=== Task goal ===
Return the full listing character for character, without its pictures.

═════ Input data ═════

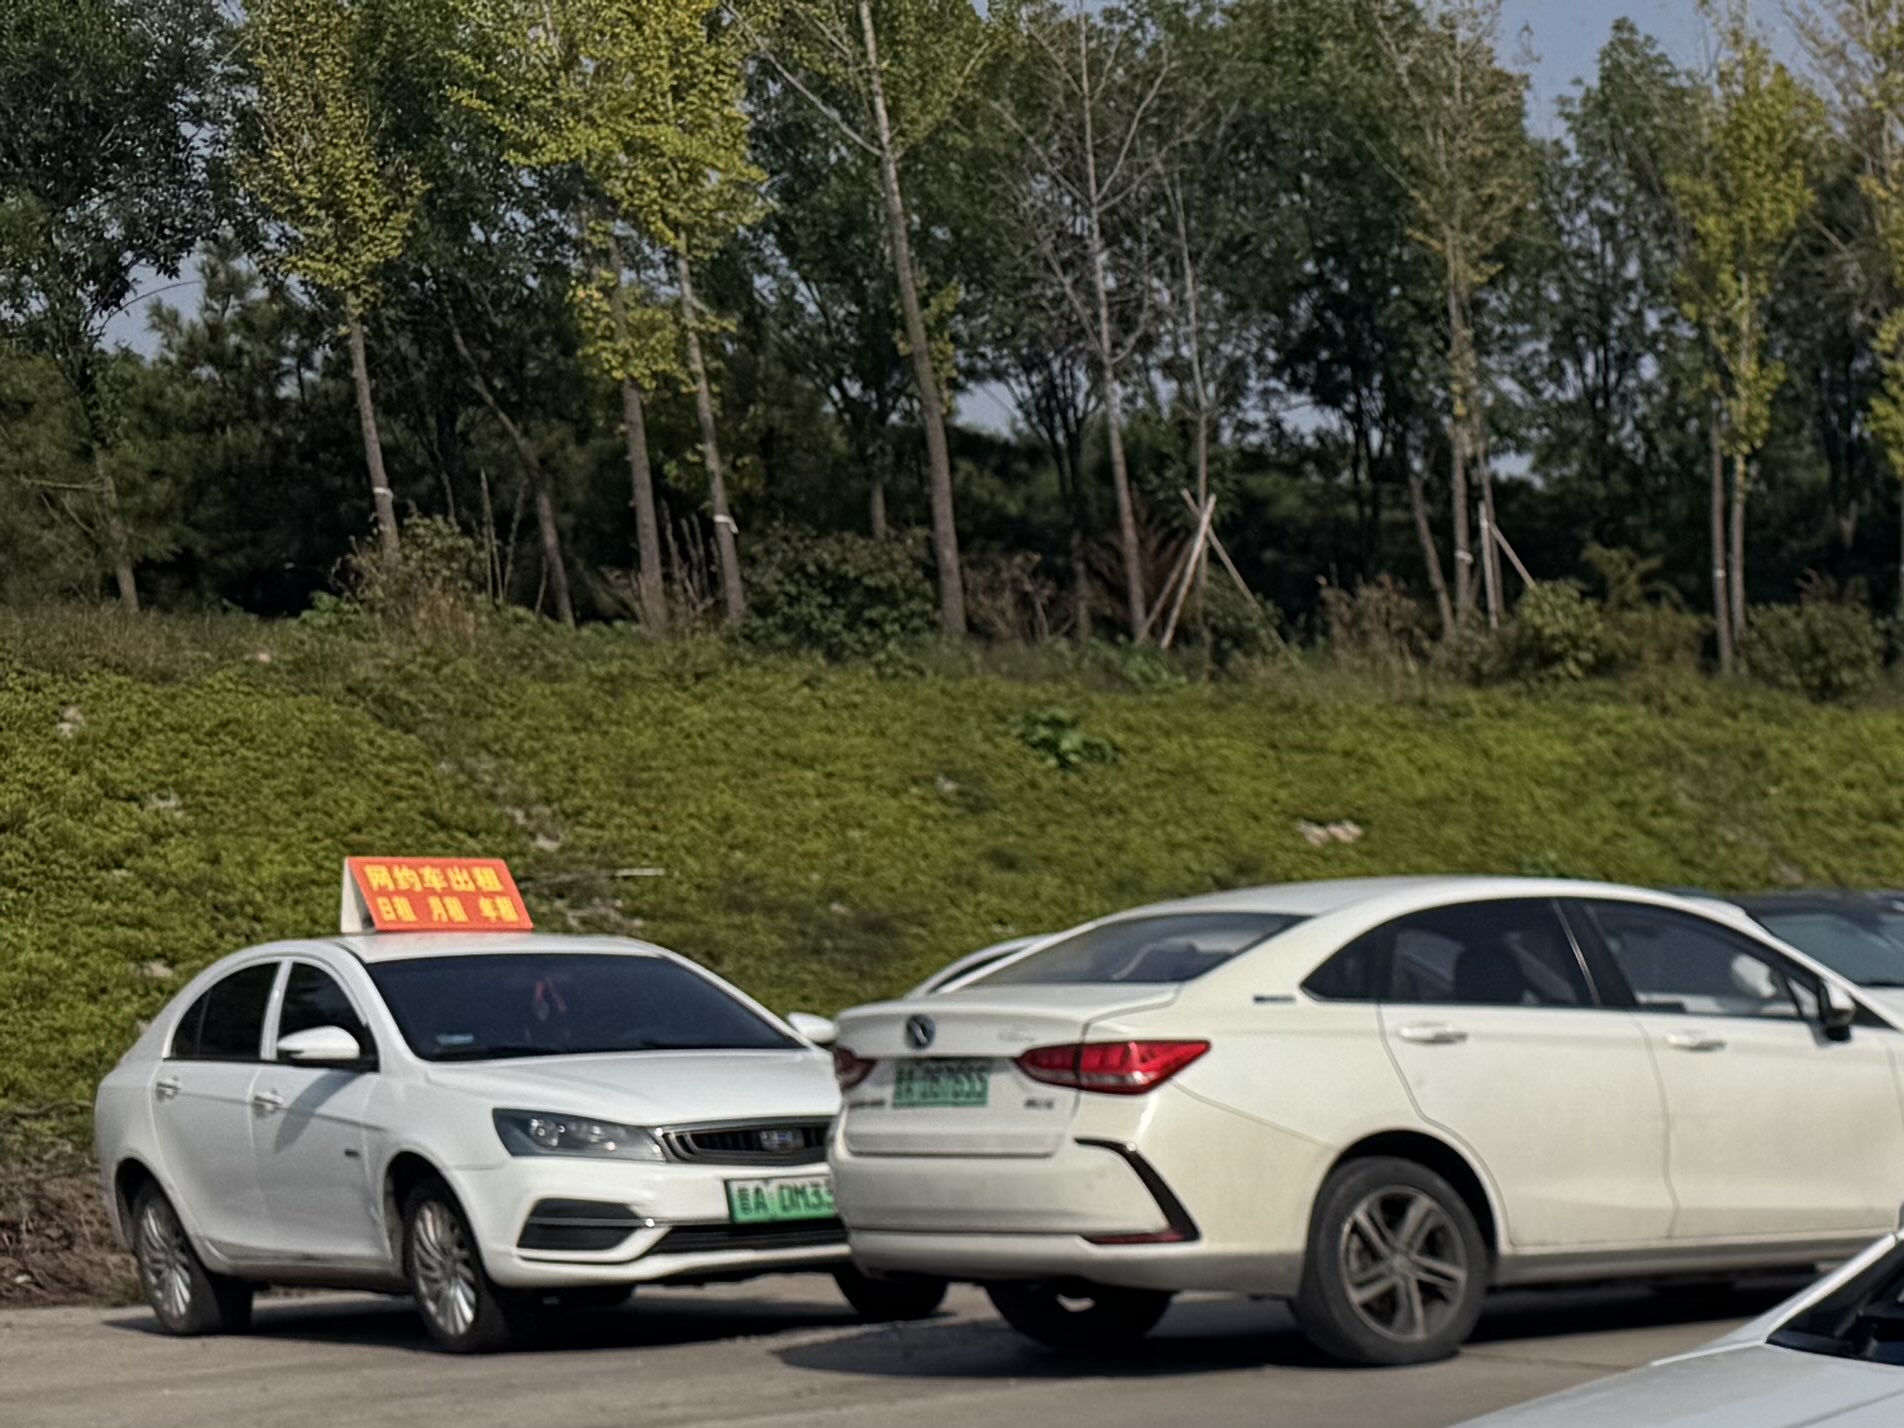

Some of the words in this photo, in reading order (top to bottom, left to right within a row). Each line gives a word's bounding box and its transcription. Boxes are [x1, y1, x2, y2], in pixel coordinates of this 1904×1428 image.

[363, 863, 503, 892] 网约车出租
[376, 896, 417, 923] 日租
[427, 895, 470, 923] 月租
[478, 896, 520, 923] 年租
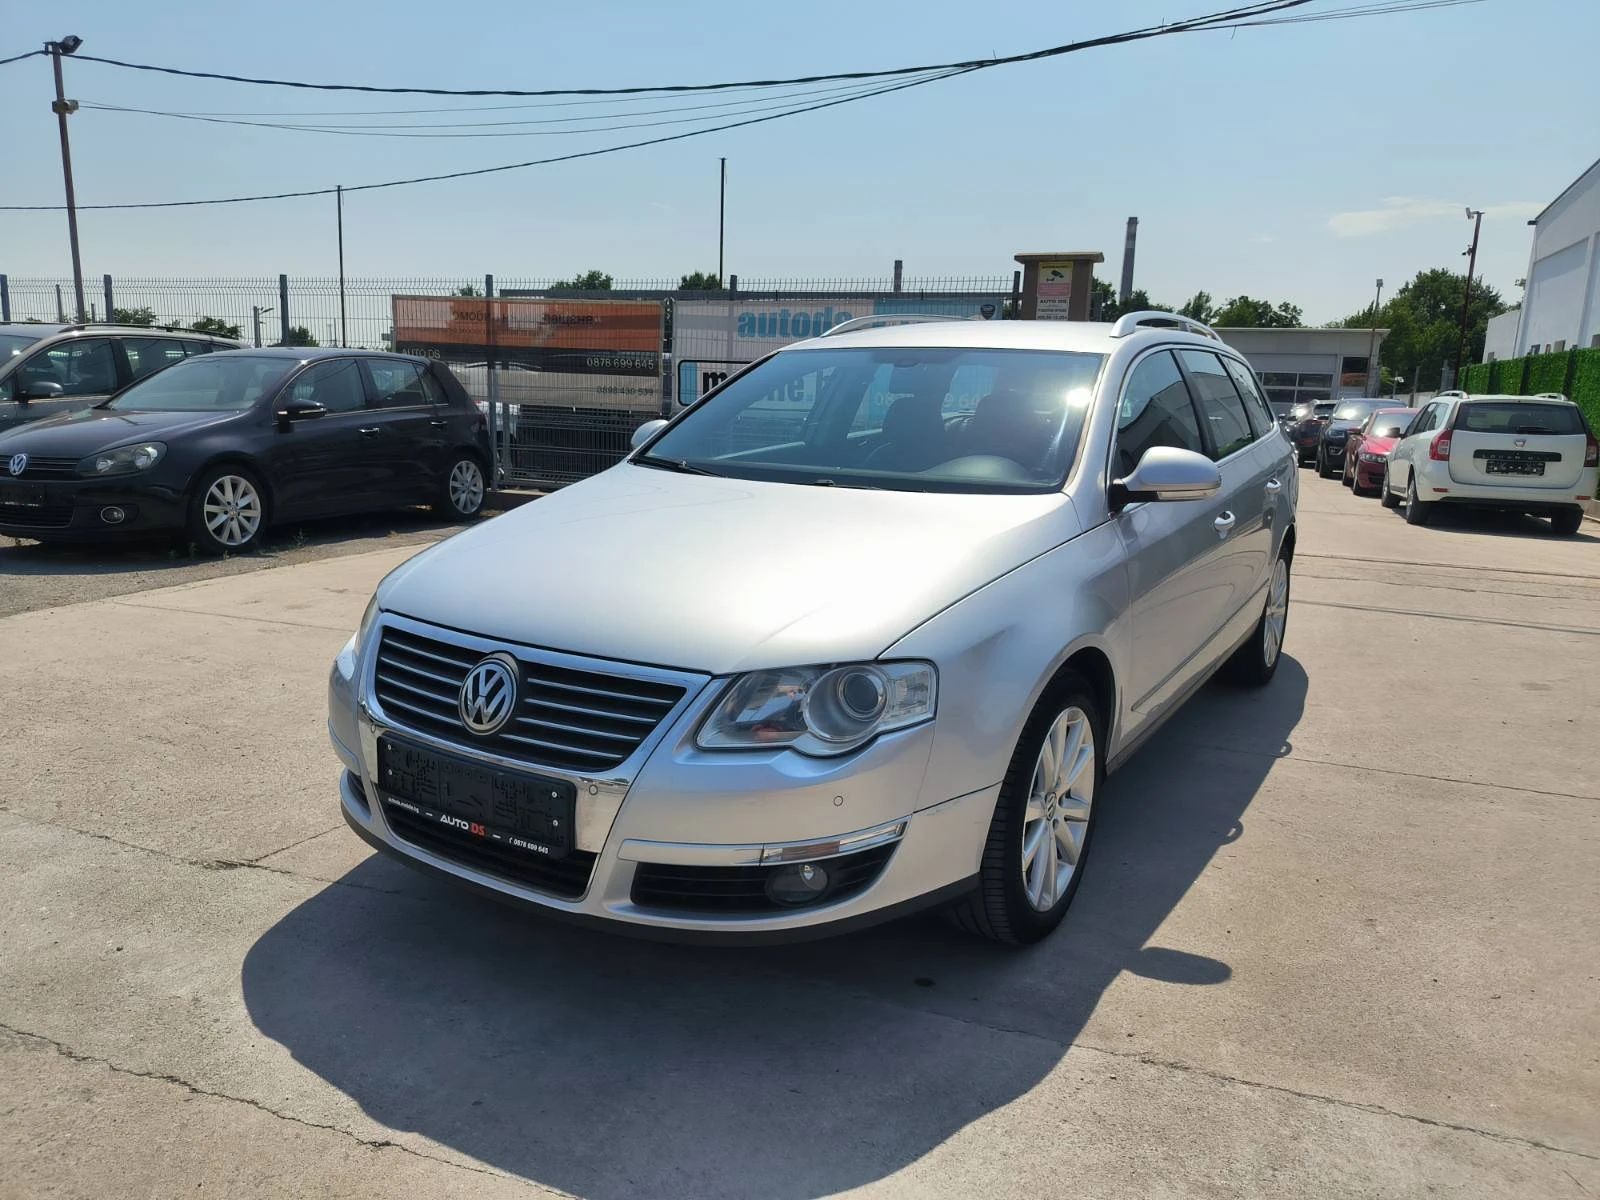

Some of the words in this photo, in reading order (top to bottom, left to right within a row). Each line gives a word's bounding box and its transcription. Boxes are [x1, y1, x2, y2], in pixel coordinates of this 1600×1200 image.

[586, 357, 611, 367] 0878
[613, 358, 633, 369] 699
[440, 814, 469, 831] AUTO
[470, 822, 486, 837] DS
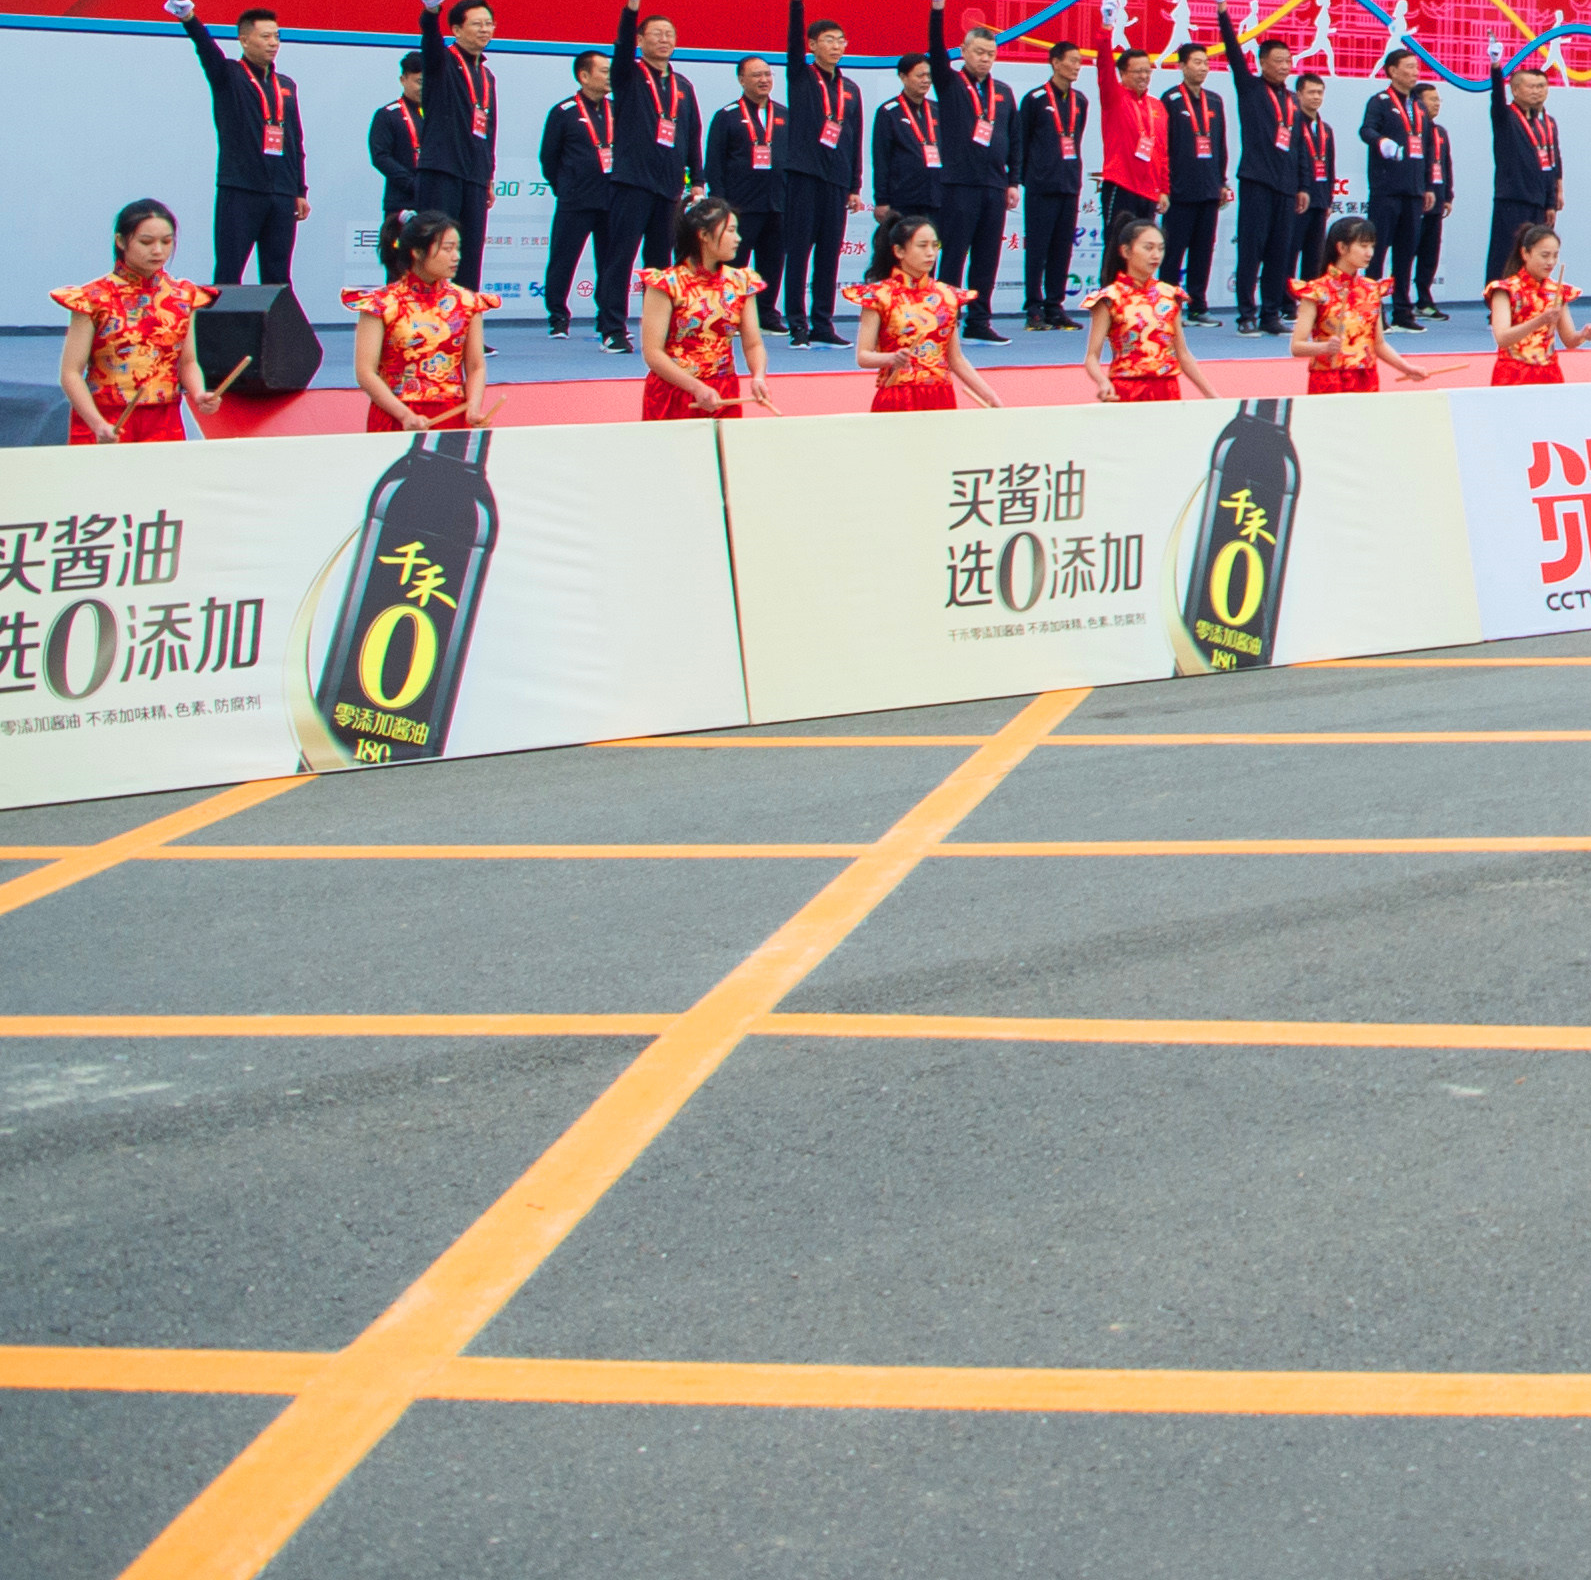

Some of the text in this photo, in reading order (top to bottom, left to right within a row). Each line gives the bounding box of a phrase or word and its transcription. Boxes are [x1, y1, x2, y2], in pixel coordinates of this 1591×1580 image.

[948, 459, 1086, 531] 买酱油
[1219, 488, 1277, 545] 千禾
[0, 509, 184, 596] 买酱油
[378, 540, 458, 610] 千禾
[945, 529, 1145, 613] 选0添加
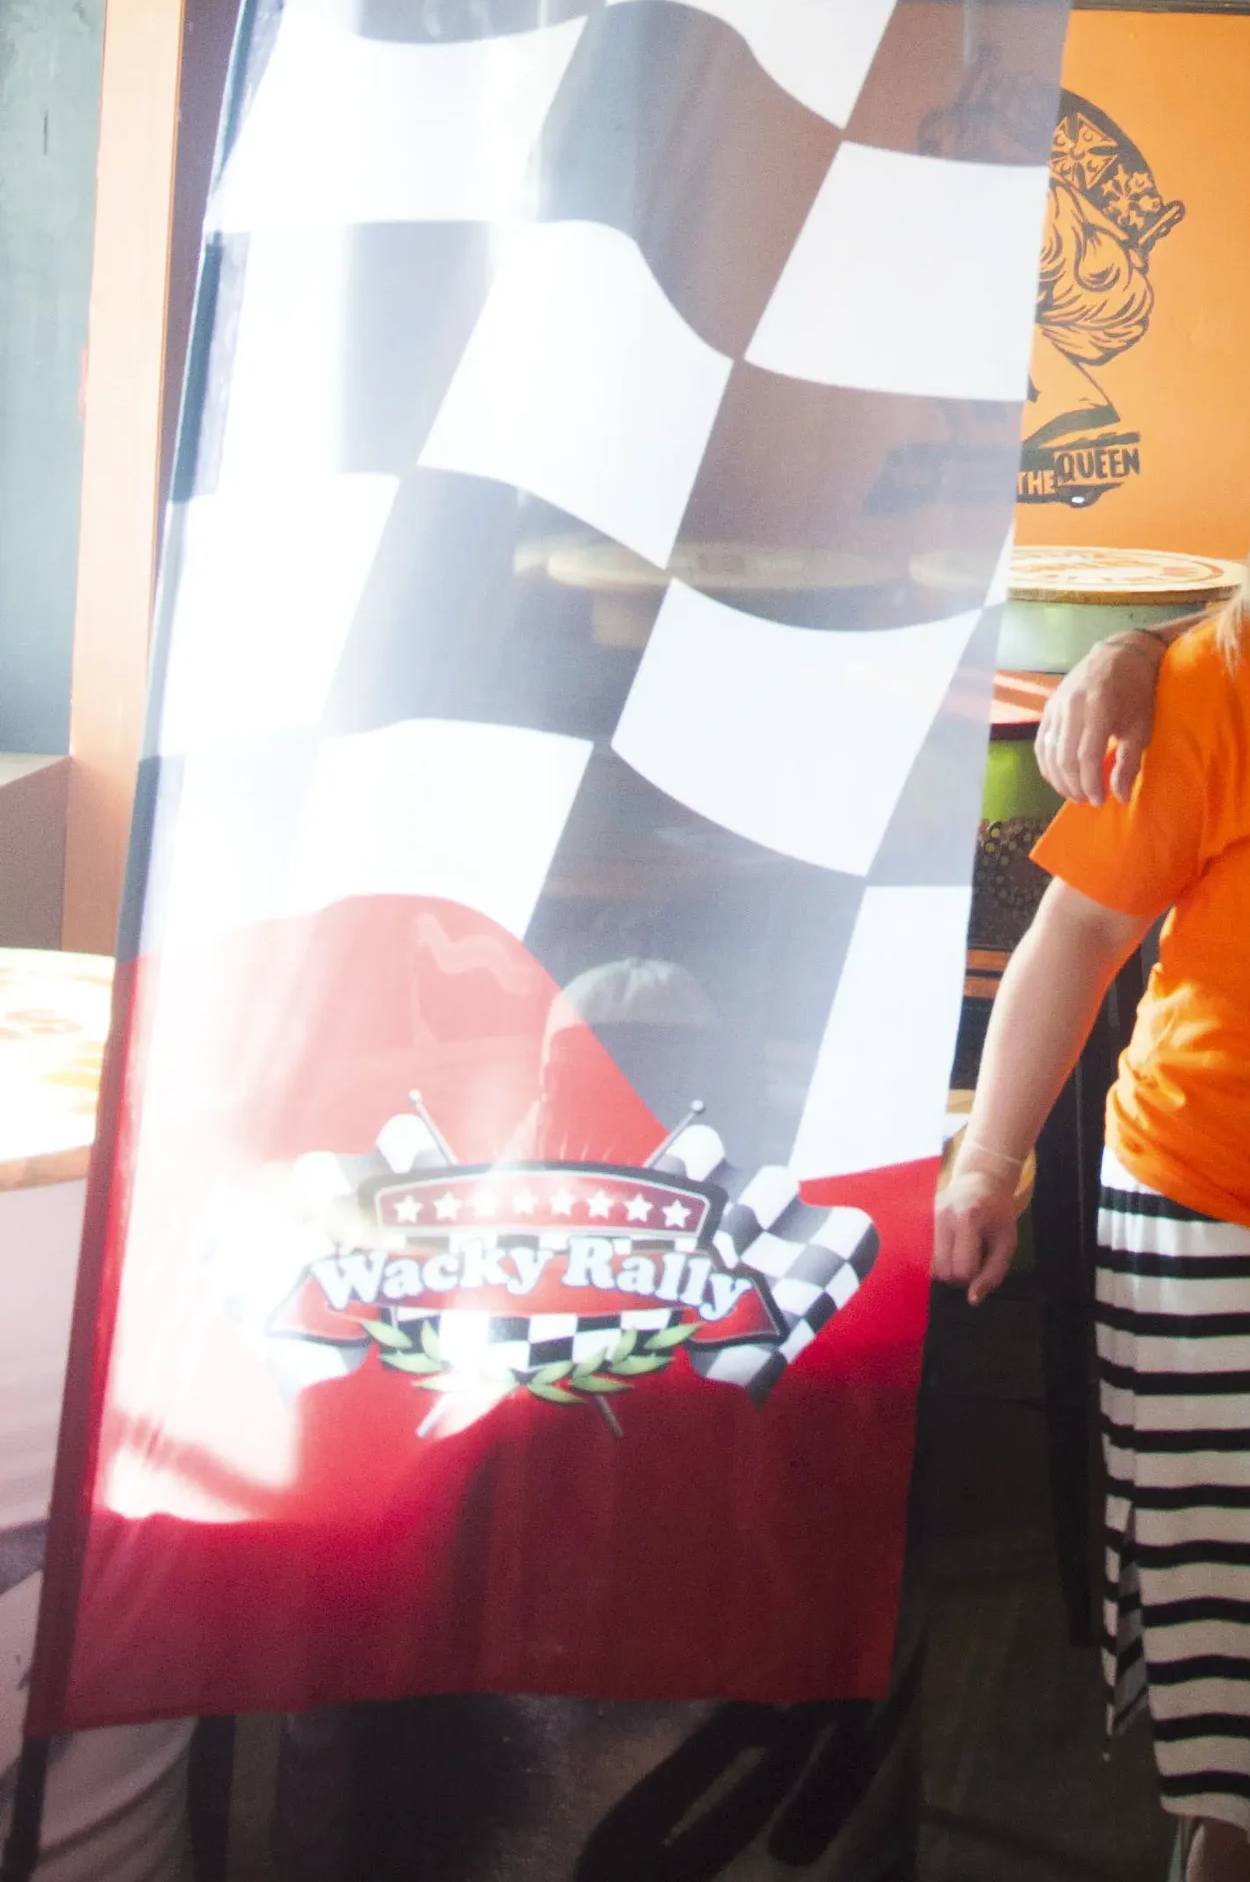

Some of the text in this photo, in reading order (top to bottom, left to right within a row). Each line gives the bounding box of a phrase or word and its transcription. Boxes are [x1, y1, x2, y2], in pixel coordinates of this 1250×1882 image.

═════

=== Output below ===
Some of the words in this photo, in reading order (top to bottom, left to right within a row). Each line gives a word's bounding box and its transcription. Boxes are [x1, y1, x2, y2], in pixel coordinates of this 1904×1428 image.

[363, 863, 503, 892] 网约车出租
[376, 896, 417, 923] 日租
[427, 895, 470, 923] 月租
[478, 896, 520, 923] 年租

Some of the words in this photo, in reading order (top to bottom, left to right within a row). Each line gives a word's bounding box and its transcription. Boxes are [x1, y1, x2, y2], in pixel coordinates of this 1600×1200 image.

[586, 357, 611, 367] 0878
[613, 358, 633, 369] 699
[440, 814, 469, 831] AUTO
[470, 822, 486, 837] DS

Some of the text in this photo, in reading order (top to bottom, left to right within a row). Each line gives the bounding box of a phrase or word and its transcription. Boxes are [x1, y1, x2, y2], in pixel coordinates of this 1591×1580 image.

[948, 459, 1086, 531] 买酱油
[1219, 488, 1277, 545] 千禾
[0, 509, 184, 596] 买酱油
[378, 540, 458, 610] 千禾
[945, 529, 1145, 613] 选0添加

Some of the text in this photo, in reading order (top to bottom, left to right within a row). Each line gives the bounding box of a phrase or word and its transcription. Boxes are [x1, y1, x2, y2], in pixel coordinates of this 1250×1882 image.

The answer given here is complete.